The judges who decided Verónica’s fate never met her once in eleven years. They never looked her in the face and never spoke to her. She asked for a hearing countless times and always received the same answer: “There’s no time.”
Angélica Jazmín Navarro Arroyo, 36 years old, small, looks fragile. She rides her motorbike through the chaotic metropolis of Mexico City. “It's not that big, just 150 cubic centimetres,” she says with a laugh, playing down her bravery. She is a photographer with a degree in communication, works in public administration and designs strategies to protect women from violence. A difficult task in a country where machismo, inequality in the world of work and ten femicides a day are considered normal.
Angie has very personal experience of this issue herself. Her father killed her mother. Two aunts shared the care of the younger siblings and she, the eldest, was left alone in the capital. She was a teenager then. She tells her story openly, without victimising herself. She speaks calmly about what happened to her. She does not hide her admiration for López Obrador either: “He is someone who has been harmed a lot, who has often been cheated, and so he has become the face of all those who have had similar things done to them.”
She emphasises that when the pandemic hit the country, the president “had to improvise, and in my view he did a very good job and did not put the country in debt’. She emphasises the progress made without losing sight of reality: ‘You can't put right in six years what has gone wrong in 36 years of neoliberalism, or in 200 years of exploitative rule.”
Angie is clearly speaking from her own worst experience: “My mother was murdered when I was 16 years old. Coming of age on my own, looking for a job and going back to school was hard. I was invisible.” But it was people from Obrador's government who helped Angie: “They told me they had work for me.” They got to know Angélica, then an unemployed activist, at an event. And they offered her a job in public administration.
What do you think of the social programmes? They can achieve a lot. I had to work during my studies. That was very difficult [...]. After my mother was murdered, my father went to prison. So I was alone. Sometimes I had to calculate: “I can afford a tin of tuna, but I have an exam, so I'll eat it in the afternoon so I can get through the exam better.” That was my reality. I had a scholarship for excellence and I used it to buy the tuna. I had to pay the rent from my wages [...]. I see [scholarships] as an investment in young people so that they don't have to go hungry. And if you want to look at it as an expense, it's better to spend money on that than on certain eccentric escapades that Mexico has experienced under previous governments.
Angélica is happy with her current predicament and that she is able to experience this historic moment. With regard to 4T, she talks about an uncertain outcome of all the changes. She hopes that the new president will communicate clearly and directly with citizens - and: “I would like her to reform the way we work.” In other words, a reduction in the working week from the current 48 to forty hours, another point envisaged as part of 4T.

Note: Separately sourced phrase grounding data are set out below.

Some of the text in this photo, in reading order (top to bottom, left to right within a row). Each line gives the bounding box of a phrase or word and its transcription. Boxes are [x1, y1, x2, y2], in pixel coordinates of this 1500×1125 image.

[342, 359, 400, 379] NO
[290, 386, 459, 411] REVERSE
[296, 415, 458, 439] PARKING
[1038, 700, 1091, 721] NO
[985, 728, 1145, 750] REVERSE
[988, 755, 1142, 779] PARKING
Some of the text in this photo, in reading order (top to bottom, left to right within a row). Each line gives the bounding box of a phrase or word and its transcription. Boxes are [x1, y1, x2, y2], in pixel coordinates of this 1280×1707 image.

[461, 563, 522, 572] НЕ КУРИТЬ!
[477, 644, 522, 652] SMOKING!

What does it mean for you and your country to have a woman as president for the first time? I think it sheds new light on this macho dynamic that we continue to see at home, in the workplace and on the streets. As president, when she attends a conference, explains a decree or travels around the country, Mexico will face a big challenge to focus on her work, not what she's wearing. She was once criticised for a trouser hem that was fastened with a clip [...].

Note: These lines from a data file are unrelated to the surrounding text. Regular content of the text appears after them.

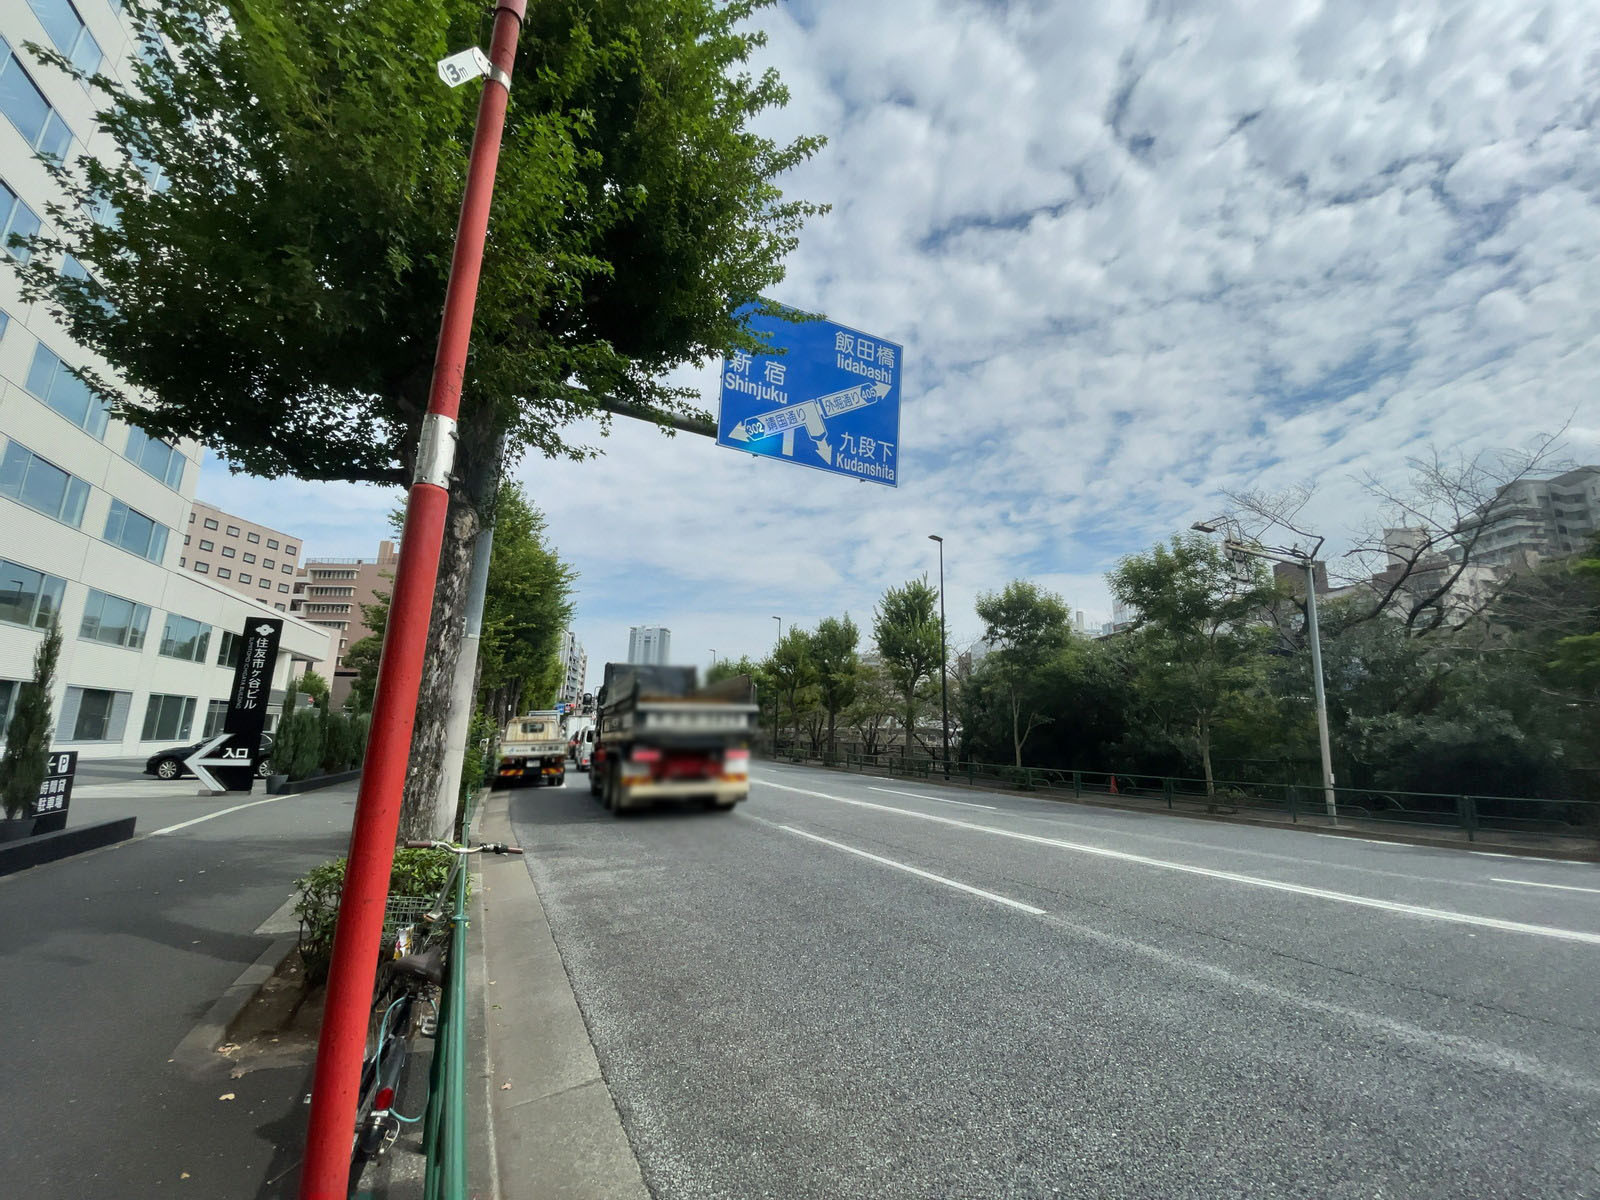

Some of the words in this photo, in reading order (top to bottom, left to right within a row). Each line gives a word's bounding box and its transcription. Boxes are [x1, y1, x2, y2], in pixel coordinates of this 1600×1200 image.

[835, 331, 895, 368] 飯田橋
[729, 350, 786, 386] 新宿
[837, 354, 892, 384] Iidabashi
[725, 372, 788, 404] Shinjuku
[825, 392, 860, 413] 外堀通り
[861, 388, 876, 400] 405
[746, 422, 764, 435] 302
[765, 408, 807, 431] 靖国通り
[839, 431, 894, 462] 九段下
[836, 452, 894, 481] Kudanshita
[222, 748, 248, 758] 入口

We have had a cabinet with equal representation since 2018 and ten female governors, so we already have women in positions of power. However, they often had to adopt a masculine attitude in order to assert themselves, they had to become a bit of a man to be taken seriously. I think the ‘Doctora Claudia’ will have a similar experience. You can't expect her to be gentle just yet. First of all, we need a symbol, and the very fact that she is sitting in the president's chair as a woman is a strong symbol. The first step has been taken.